Securing avery, p.26
Securing Avery, page 26
“What is it?” the commander barked, obviously pissed someone dared interrupt his meeting.
“There’s been an incident at the hospital.”
Rex stiffened in his chair.
“What kind of incident?” the commander asked.
“A fire. Broke out moments ago. The hospital’s being evacuated as we speak.”
“Fuck,” Rex said. “Avery.”
“Don’t jump to conclusions,” the commander said as they all quickly stood. But Rex could see the worry in his eyes. “Go,” Commander North ordered. “Make sure the lieutenant is safe. Then help with the evacuation.”
But the team was already on the move before he’d finished his last sentence. Helping with the evacuation was a given. There was no way they could sit around when their fellow injured sailors and family members were in danger. But more than that, Rex couldn’t stop the dread he felt.
This was related to Avery and the traitor. He knew it.
They’d found out the information about the pictures a few hours too late. The traitor had made his move, and now Avery’s life was in danger.
Rex knew the traitor was desperate. He couldn’t allow Avery to identify him. He was out for blood. Avery’s blood.
Hang on, baby. Help’s on the way.
Chapter Twenty
Avery ran as fast as she could up the stairs toward the fourth floor. One moment she’d been standing around, laughing with her fellow nurses, and the next, the hallway was filling with smoke.

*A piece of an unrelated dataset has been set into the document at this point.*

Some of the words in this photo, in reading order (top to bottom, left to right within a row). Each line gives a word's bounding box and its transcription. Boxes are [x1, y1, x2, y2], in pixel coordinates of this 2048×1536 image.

The fire alarm was blaring, hurting her ears, but she did her best to tune it out because there was work to be done.
The worst thing at the moment was the way the hallways were darkening. The lights had gone out, and being in the dark in the stairwell and the hallways was disorientating…and threatening to bring back all the demons Avery had been working so hard to banish from her mind.
She and the other nurses had sprung into action, clearing the emergency room then working their way from floor to floor. As far as anyone could tell, the fire had started on the second floor. The patients who were able to walk had been led to the stairs and had evacuated on their own. But it was more difficult to deal with the bedridden patients. The ones who were hooked up to IVs, oxygen, and other life-saving machines. Avery had managed to get into the elevators with a few of them before the smoke got too bad, but now the elevators were inoperable and people were being evacuated on stretchers down the stairs.

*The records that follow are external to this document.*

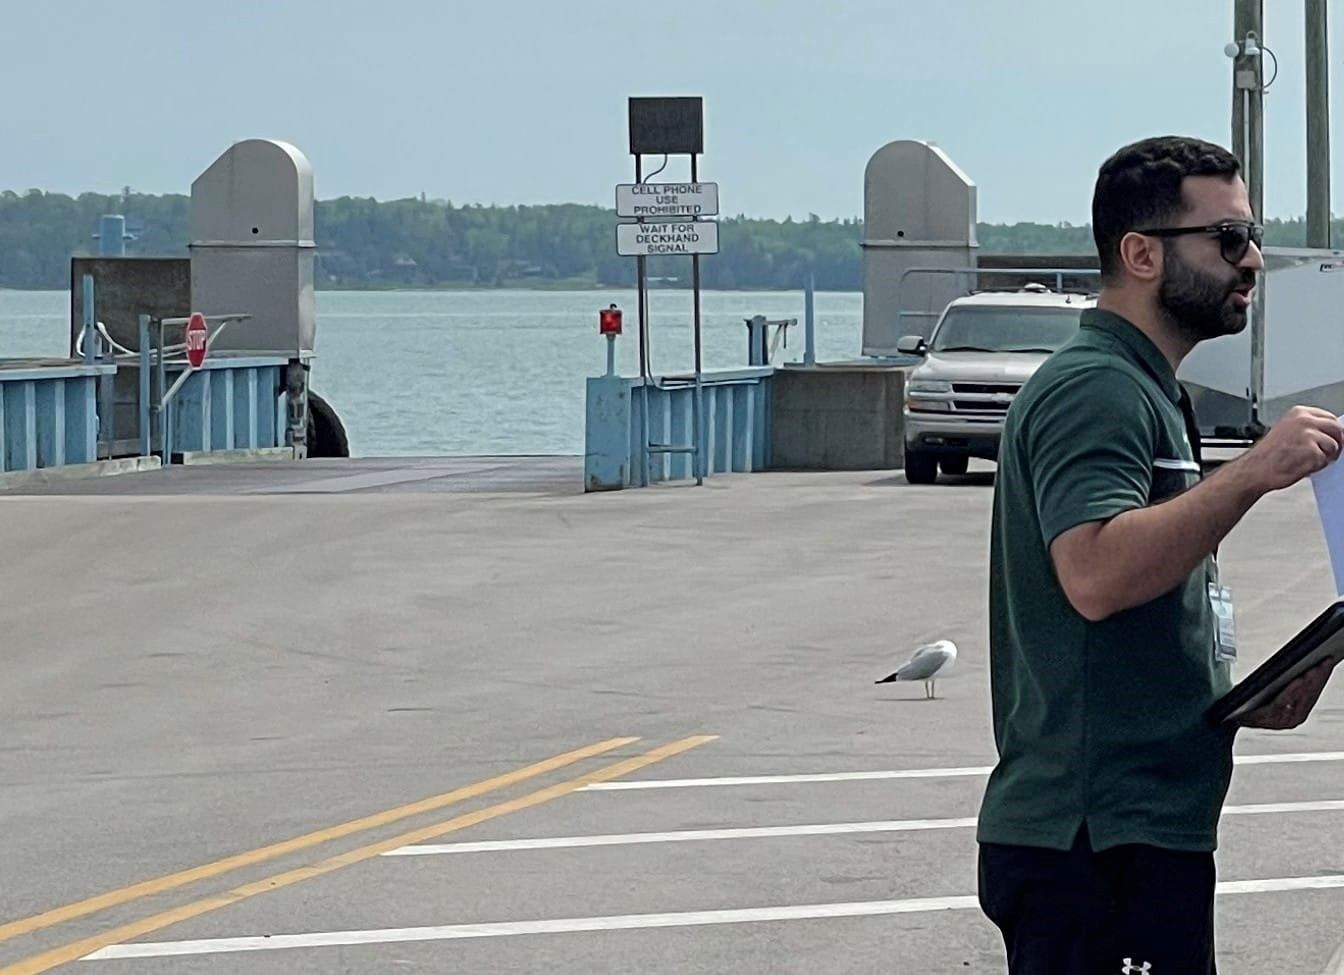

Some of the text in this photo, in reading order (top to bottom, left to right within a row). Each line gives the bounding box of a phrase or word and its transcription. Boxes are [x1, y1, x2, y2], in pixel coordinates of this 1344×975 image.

[631, 184, 702, 195] CELL PHONE
[655, 196, 678, 204] USE
[633, 205, 702, 215] PROHIBITED
[639, 224, 694, 234] WAIT FOR
[636, 234, 699, 244] DECKHAND
[647, 244, 688, 253] SIGNAL
[188, 330, 206, 350] STOP
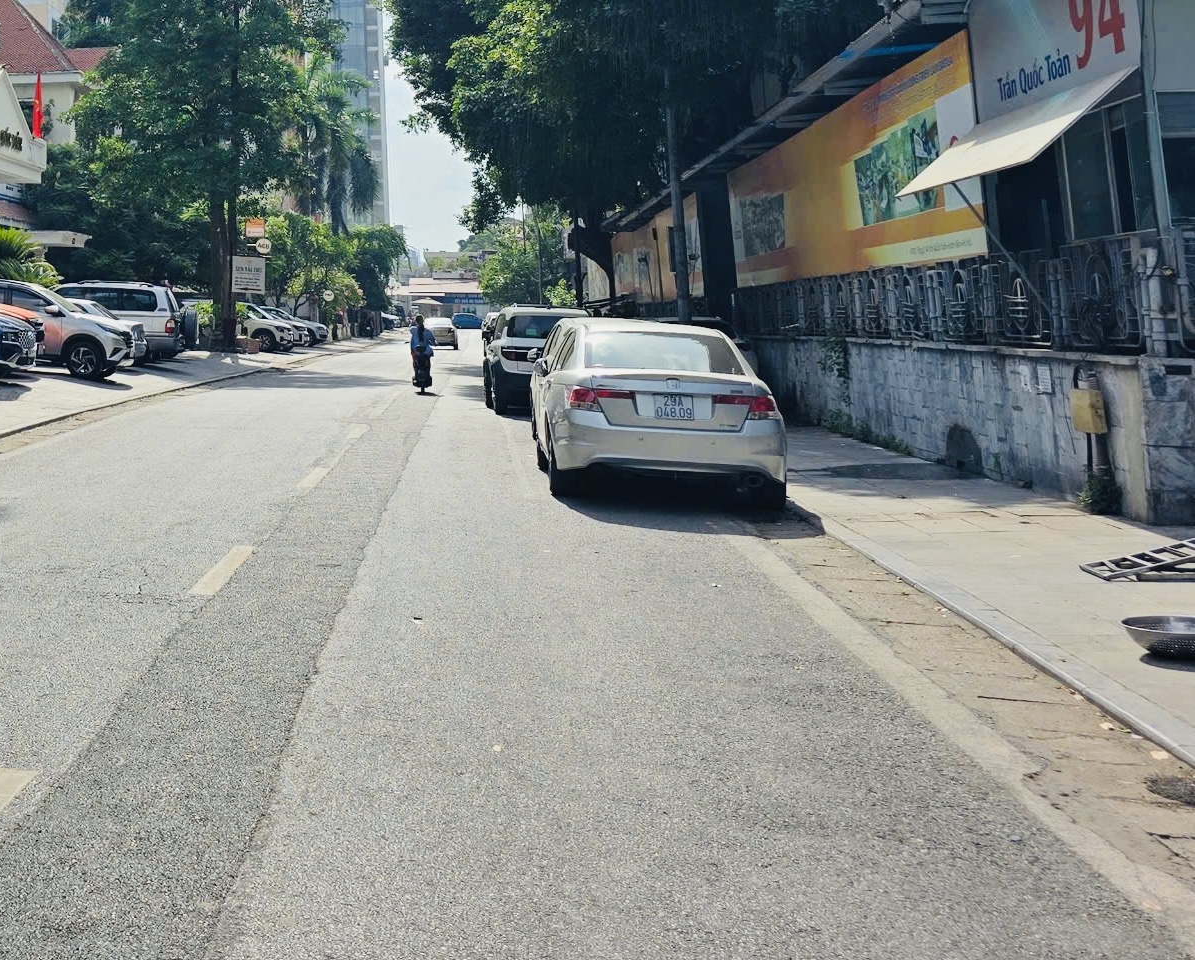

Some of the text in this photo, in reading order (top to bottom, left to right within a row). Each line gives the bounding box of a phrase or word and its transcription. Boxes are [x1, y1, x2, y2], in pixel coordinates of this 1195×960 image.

[997, 48, 1071, 102] Trần Quốc Toản
[664, 395, 684, 407] 29A
[656, 407, 692, 419] 048.09

She was dripping with sweat and exhausted, but she needed to make one last search of the fourth floor before declaring it completely evacuated. She’d volunteered to run up there, check, then meet the other nurses back on the ground floor. There were firefighters around, but they were all busy, and the last thing Avery wanted was for someone to be forgotten on the fourth floor.
Ignoring how creepy the stairwell felt with the strobe light from the fire alarms flashing through the smoke and the loud clanging of the alarm, she moved as quickly as she could. Panting from exertion, Avery used her hand against the wall to guide herself. She went from room to room, using a flashlight to check under beds and in bathrooms.
She’d just searched a room and closed the door behind her, turning to continue to the next, when something made her turn and look down the long deserted hallway.
A man was walking toward her.
The second her eyes landed on him, she knew it was him. The traitor.
She was convinced she’d recognize him when she saw him again, and one part of her was ridiculously relieved she hadn’t misplaced her own confidence.
But another part of her knew she was fucked.
“We meet again!” the man shouted out with a crooked grin.
She barely heard him above the ringing of the fire alarm, but the gun in his hand made his intentions unmistakable.
The next few seconds seemed to happen in slow motion.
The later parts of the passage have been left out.